*TASK GOAL*: Nothing but the text belongs in the answer: the listing below, copied exactly, without pictures.

INPUT MATERIAL Start Marker

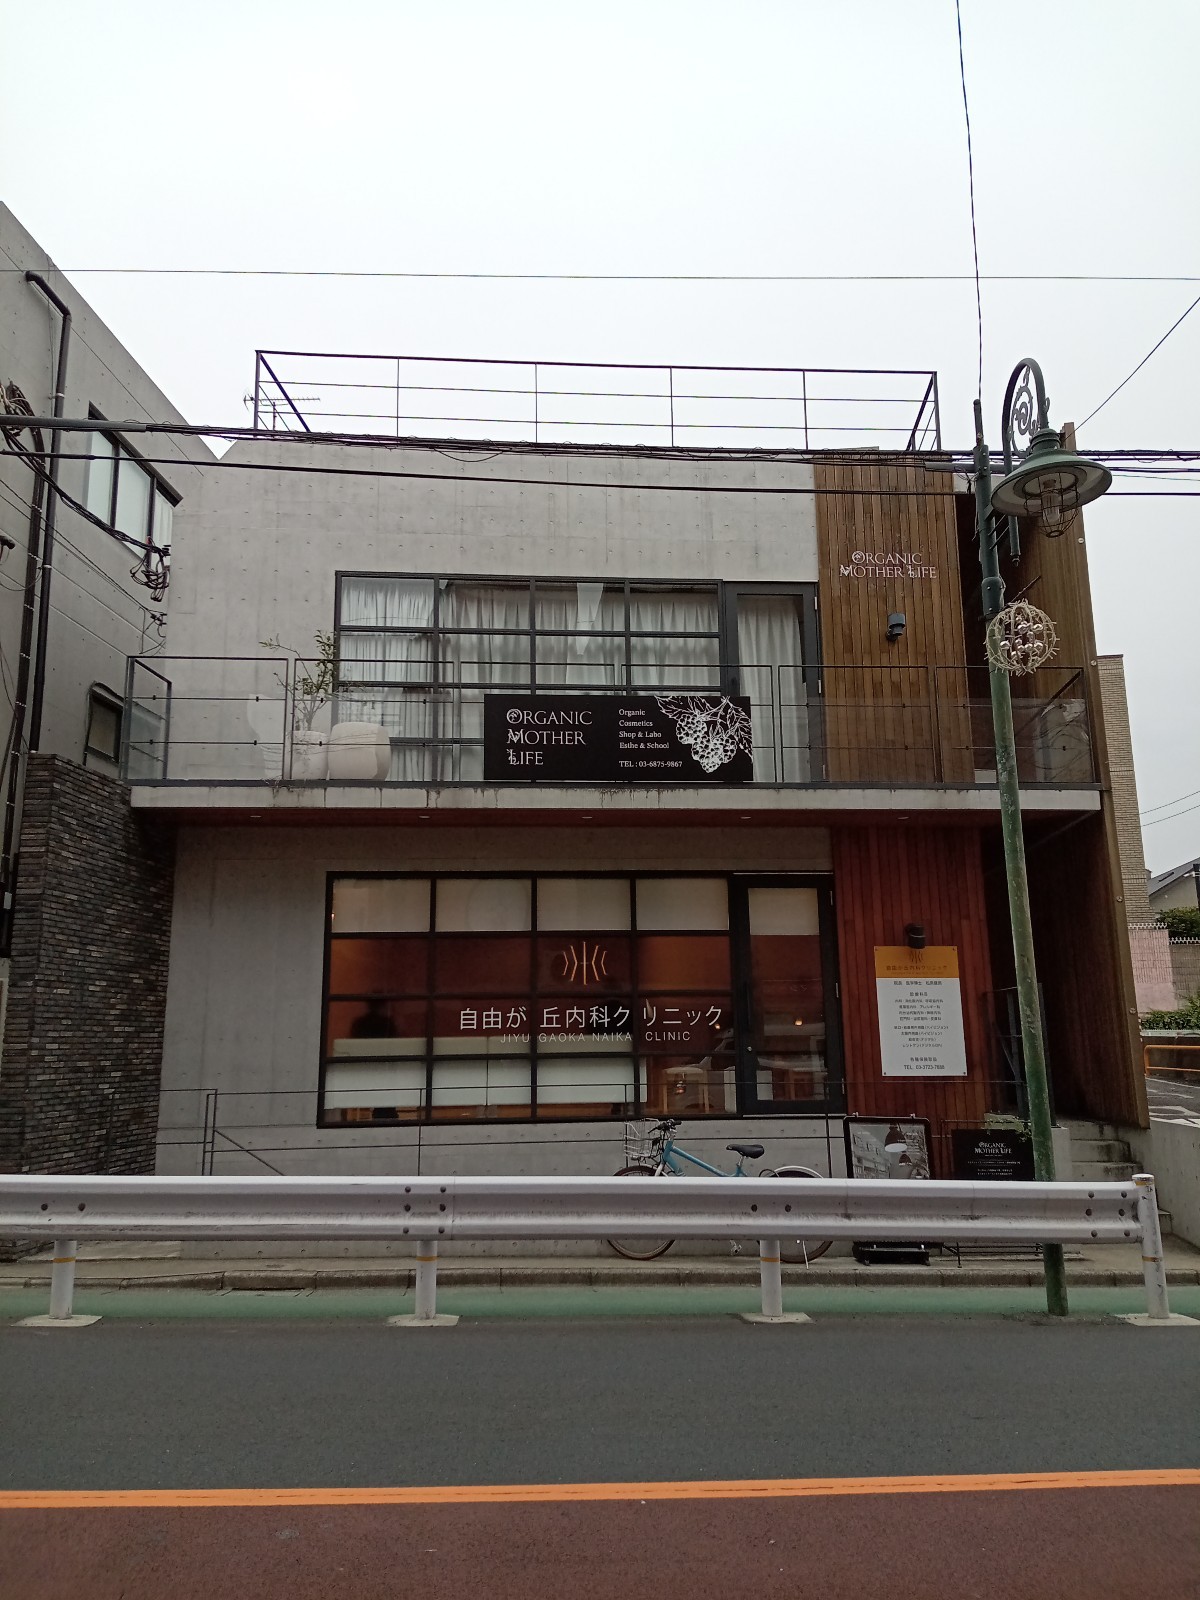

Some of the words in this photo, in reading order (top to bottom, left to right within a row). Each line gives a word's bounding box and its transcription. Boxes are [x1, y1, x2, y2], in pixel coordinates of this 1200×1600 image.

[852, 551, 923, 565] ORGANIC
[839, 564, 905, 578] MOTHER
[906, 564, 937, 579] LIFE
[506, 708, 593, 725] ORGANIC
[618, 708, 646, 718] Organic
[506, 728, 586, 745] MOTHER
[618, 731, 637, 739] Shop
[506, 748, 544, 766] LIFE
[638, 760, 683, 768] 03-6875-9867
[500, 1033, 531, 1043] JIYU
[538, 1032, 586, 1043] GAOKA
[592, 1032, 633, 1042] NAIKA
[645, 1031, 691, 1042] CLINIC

INPUT MATERIAL End Marker

*FINAL ANSWER*:
Some of the words in this photo, in reading order (top to bottom, left to right within a row). Each line gives a word's bounding box and its transcription. Boxes are [x1, y1, x2, y2], in pixel coordinates of this 1200×1600 image.

[852, 551, 923, 565] ORGANIC
[839, 564, 905, 578] MOTHER
[906, 564, 937, 579] LIFE
[506, 708, 593, 725] ORGANIC
[618, 708, 646, 718] Organic
[506, 728, 586, 745] MOTHER
[618, 731, 637, 739] Shop
[506, 748, 544, 766] LIFE
[638, 760, 683, 768] 03-6875-9867
[500, 1033, 531, 1043] JIYU
[538, 1032, 586, 1043] GAOKA
[592, 1032, 633, 1042] NAIKA
[645, 1031, 691, 1042] CLINIC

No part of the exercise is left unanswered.